● **Supplied records**:
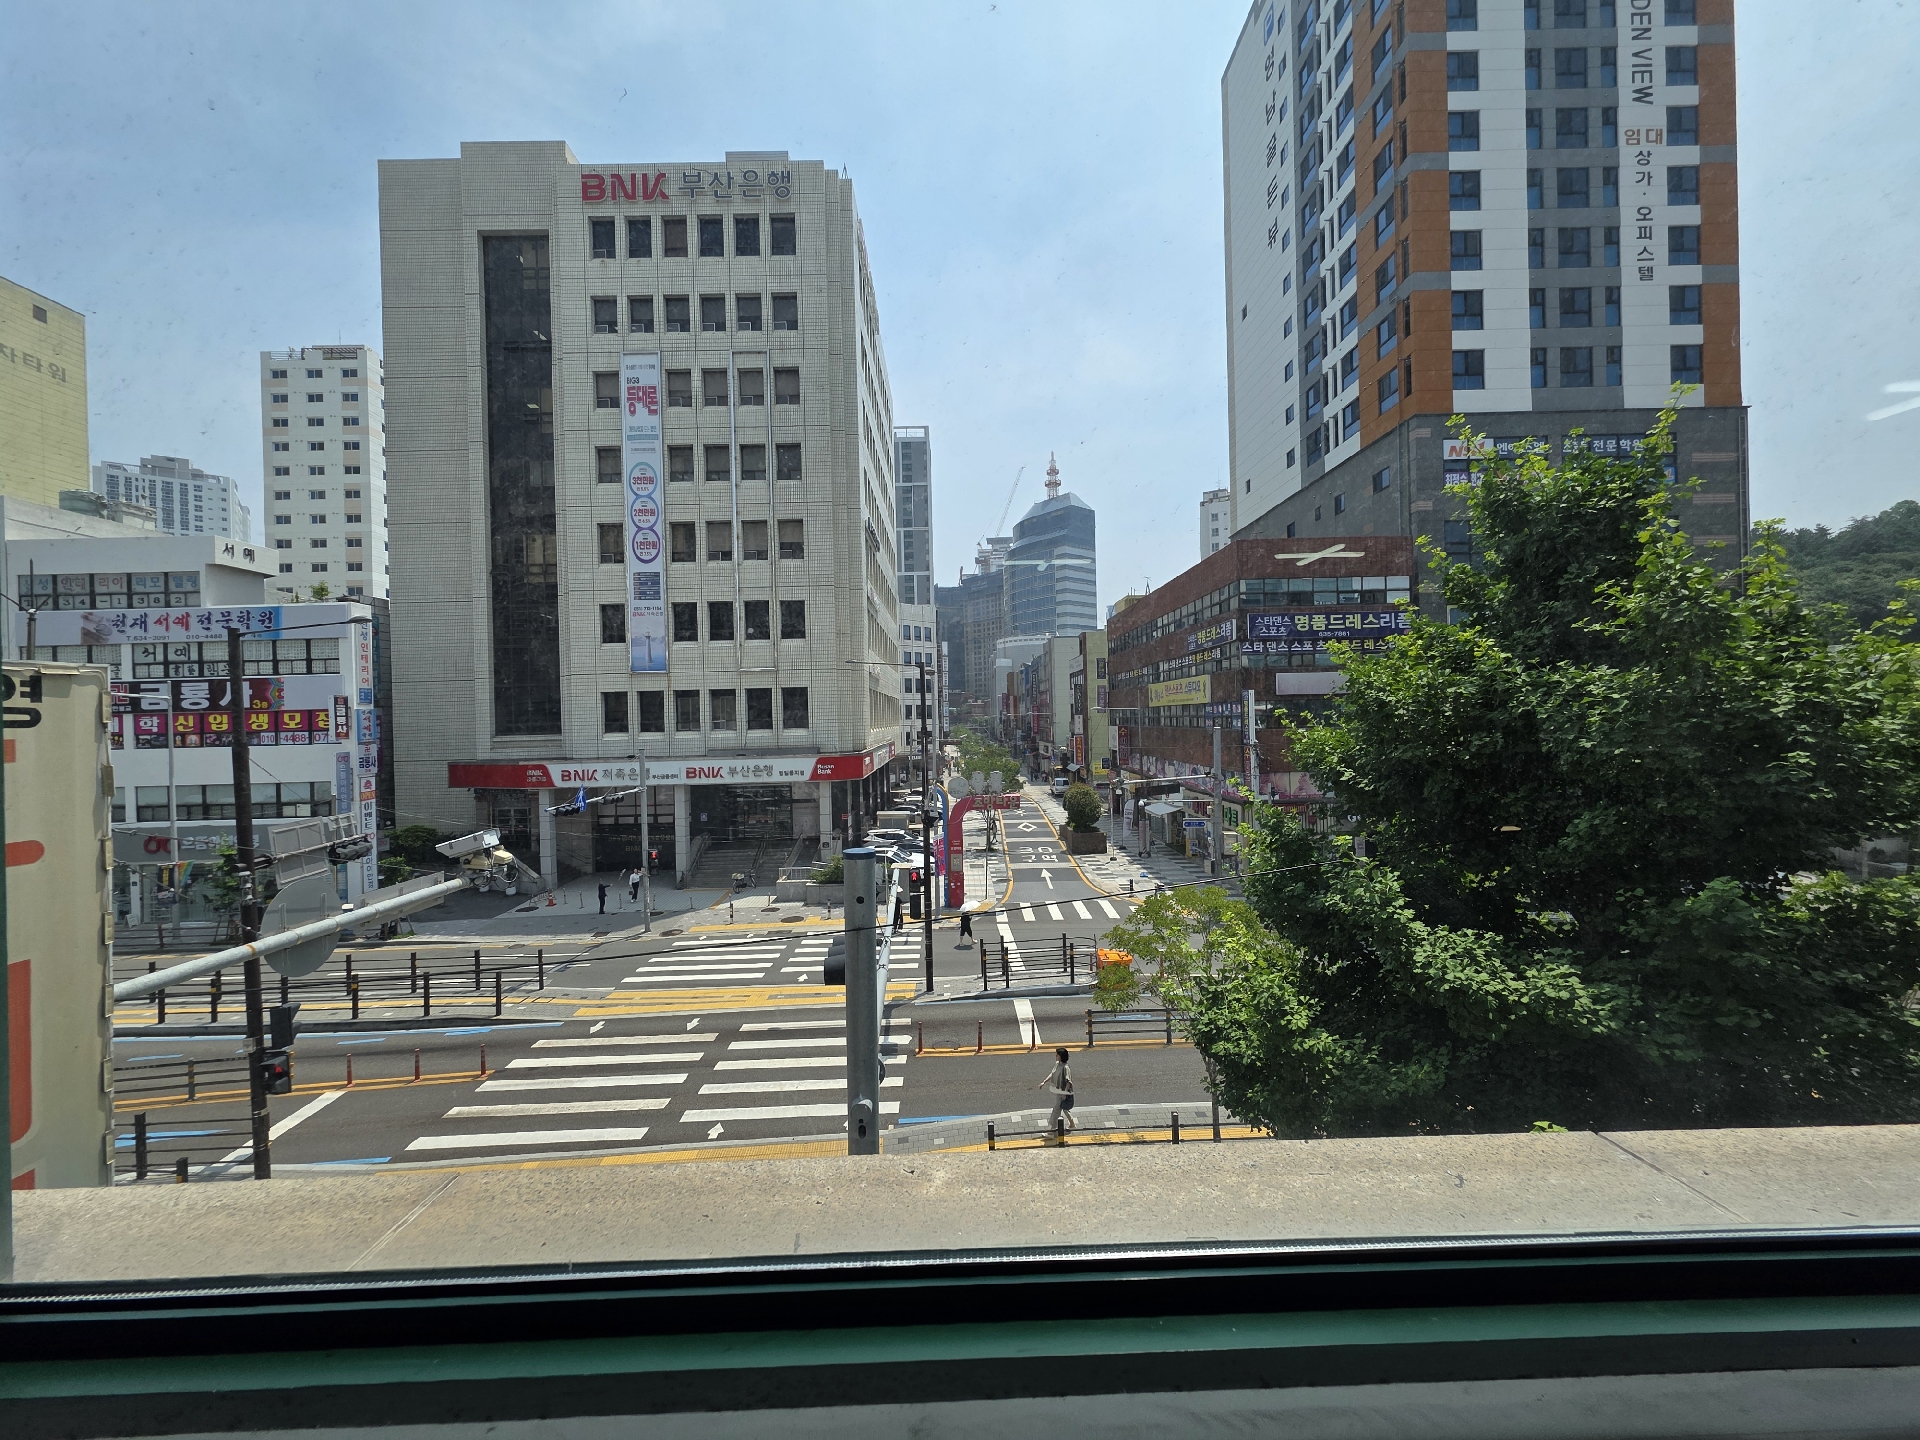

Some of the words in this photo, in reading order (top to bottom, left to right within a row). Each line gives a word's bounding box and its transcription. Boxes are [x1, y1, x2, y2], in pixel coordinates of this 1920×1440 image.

[1631, 48, 1654, 105] VIEW
[1624, 128, 1663, 146] 임대
[581, 172, 670, 201] BNK
[678, 169, 792, 199] 부산은행
[222, 543, 256, 563] 서예
[135, 573, 198, 590] 리모델링
[153, 611, 191, 632] 서예
[196, 610, 274, 631] 전문학원
[1255, 616, 1292, 626] 스타댄스
[1260, 626, 1287, 636] 스포츠
[361, 643, 369, 686] 인테리어
[561, 769, 599, 782] BNK
[686, 767, 724, 779] BNK
[727, 765, 774, 777] 부산은행
[361, 791, 376, 800] OPEN
[364, 802, 373, 831] 이벤트
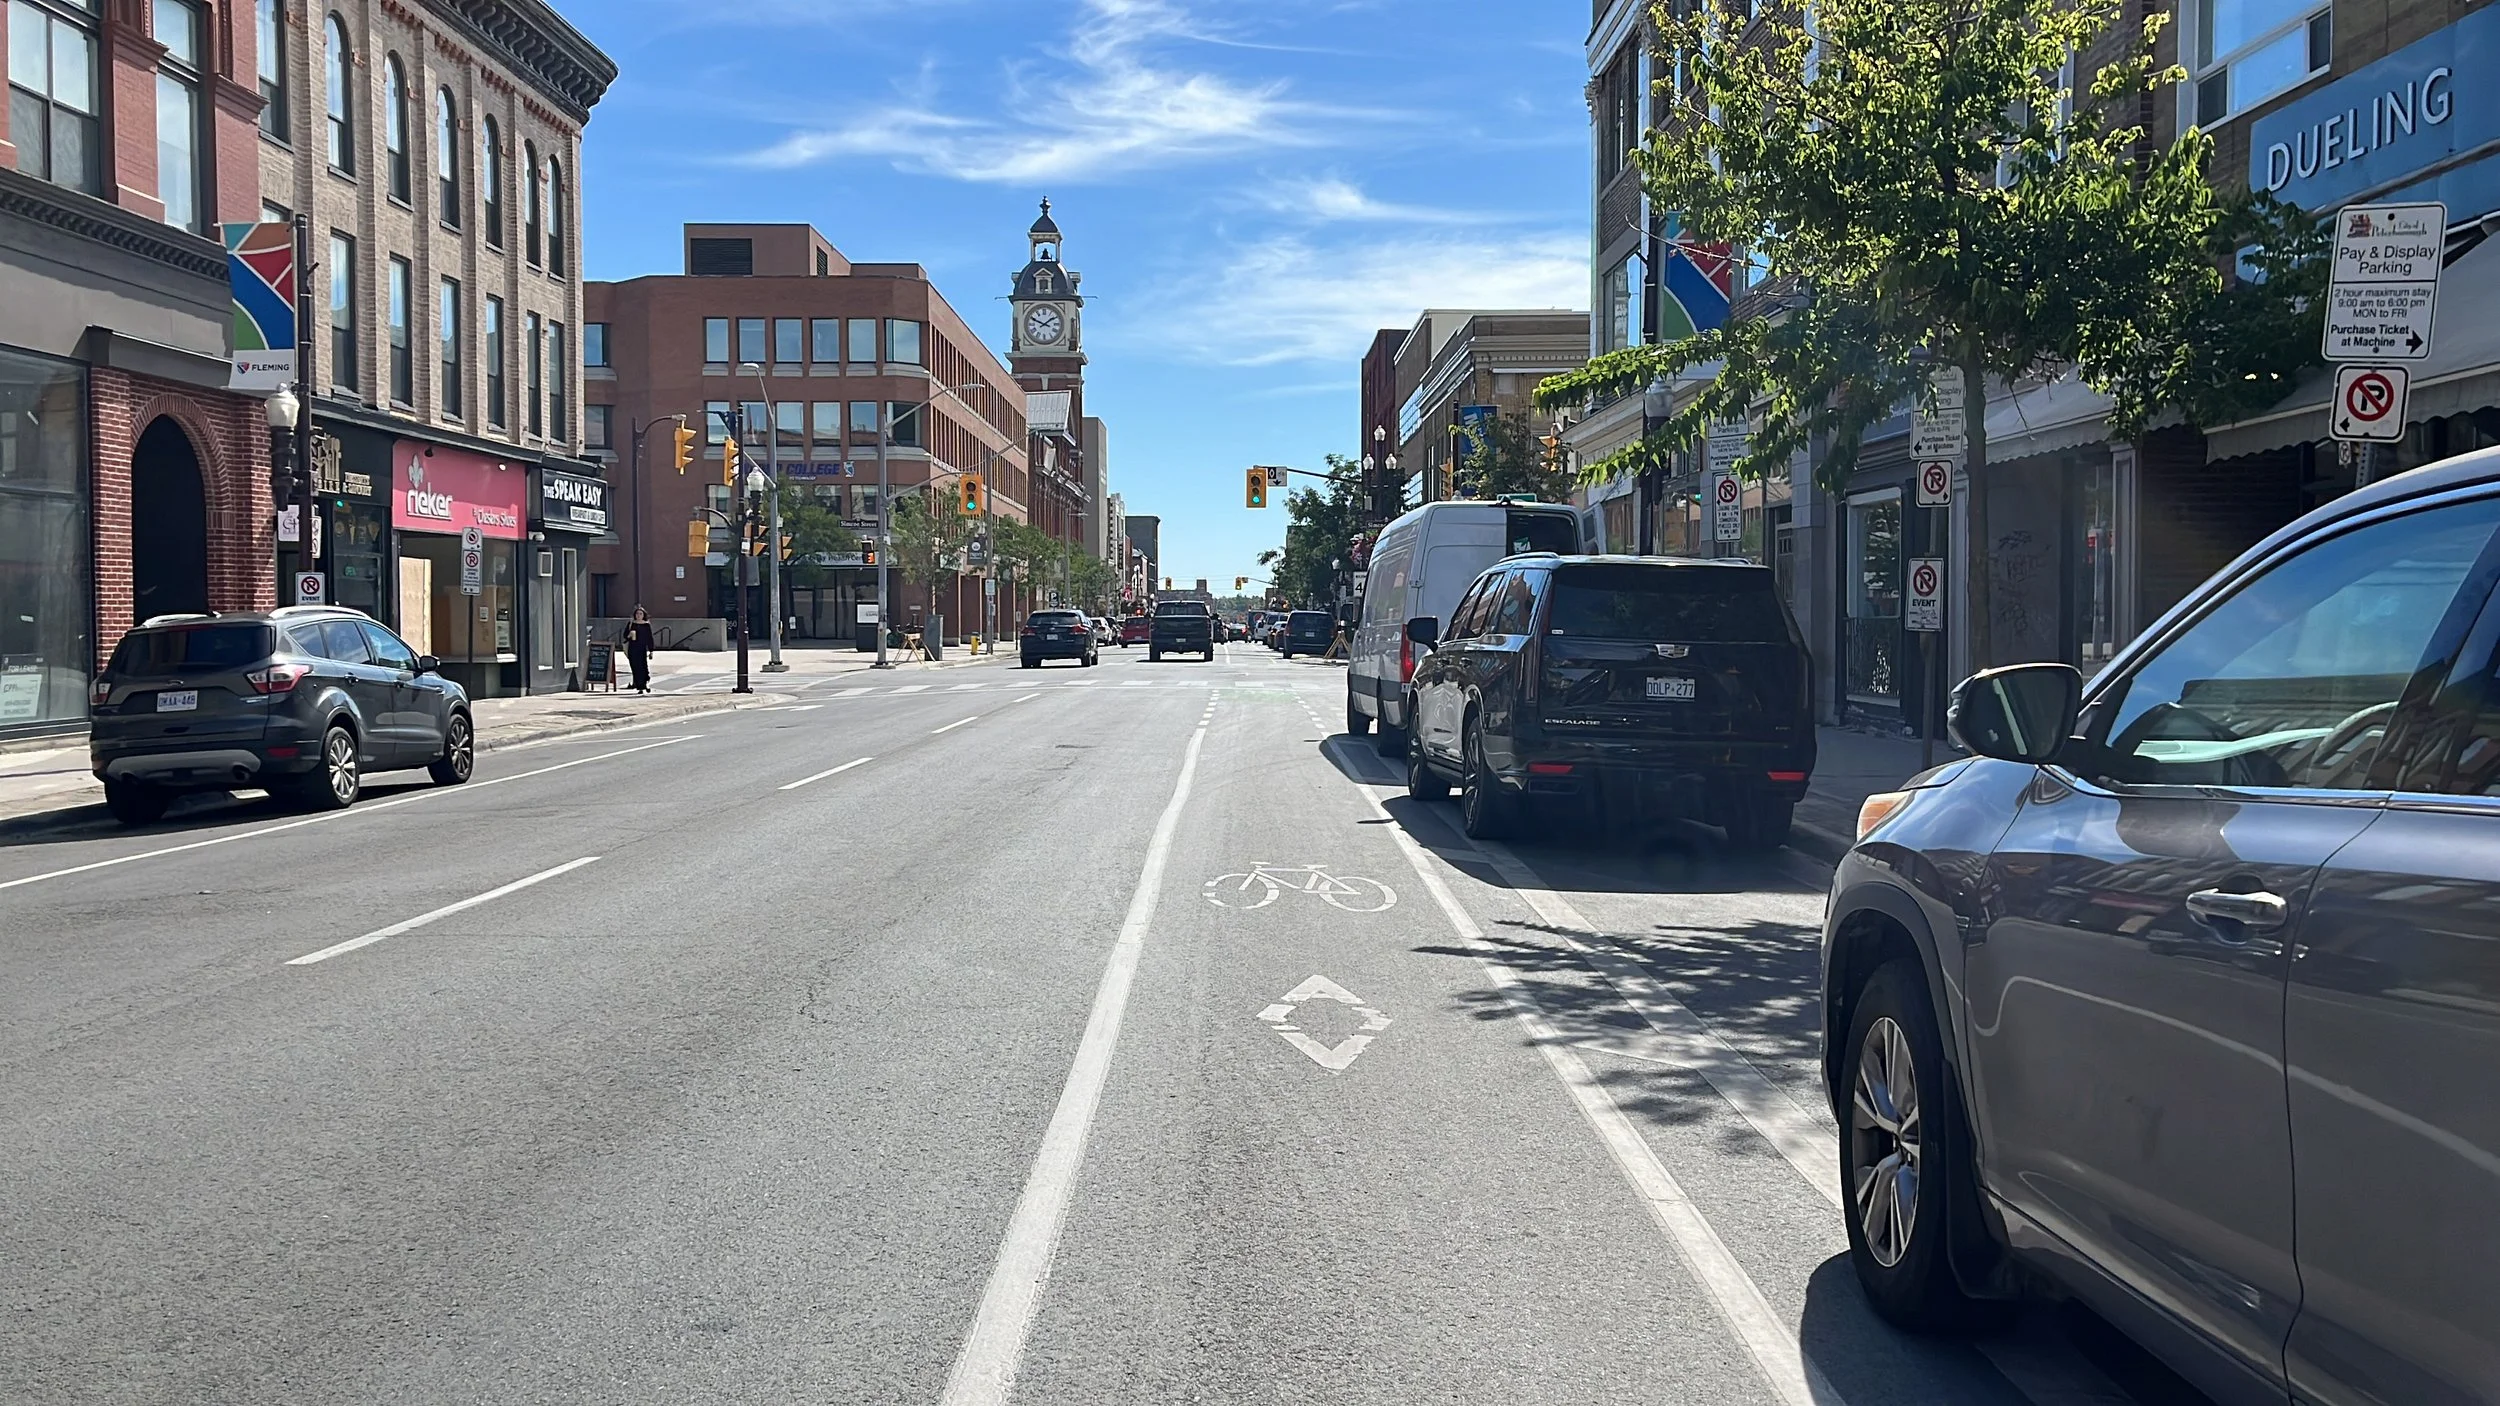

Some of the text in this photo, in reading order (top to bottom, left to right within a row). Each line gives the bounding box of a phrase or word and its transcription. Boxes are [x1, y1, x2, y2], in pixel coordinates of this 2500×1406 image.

● **What the task asks**: After dropping every picture, transcribe each entry exactly.

● **Expected answer**:
Some of the words in this photo, in reading order (top to bottom, left to right within a row). Each line gives a word's bounding box and its transcription. Boxes are [x1, y1, x2, y2], in pixel coordinates of this 1920×1440 image.

[1631, 48, 1654, 105] VIEW
[1624, 128, 1663, 146] 임대
[581, 172, 670, 201] BNK
[678, 169, 792, 199] 부산은행
[222, 543, 256, 563] 서예
[135, 573, 198, 590] 리모델링
[153, 611, 191, 632] 서예
[196, 610, 274, 631] 전문학원
[1255, 616, 1292, 626] 스타댄스
[1260, 626, 1287, 636] 스포츠
[361, 643, 369, 686] 인테리어
[561, 769, 599, 782] BNK
[686, 767, 724, 779] BNK
[727, 765, 774, 777] 부산은행
[361, 791, 376, 800] OPEN
[364, 802, 373, 831] 이벤트

Some of the text in this photo, in reading order (top to bottom, left to right within a row). Each line gives the bounding box of a phrase or word and its transcription. Boxes are [x1, y1, x2, y2], in pixel coordinates of this 2500×1406 image.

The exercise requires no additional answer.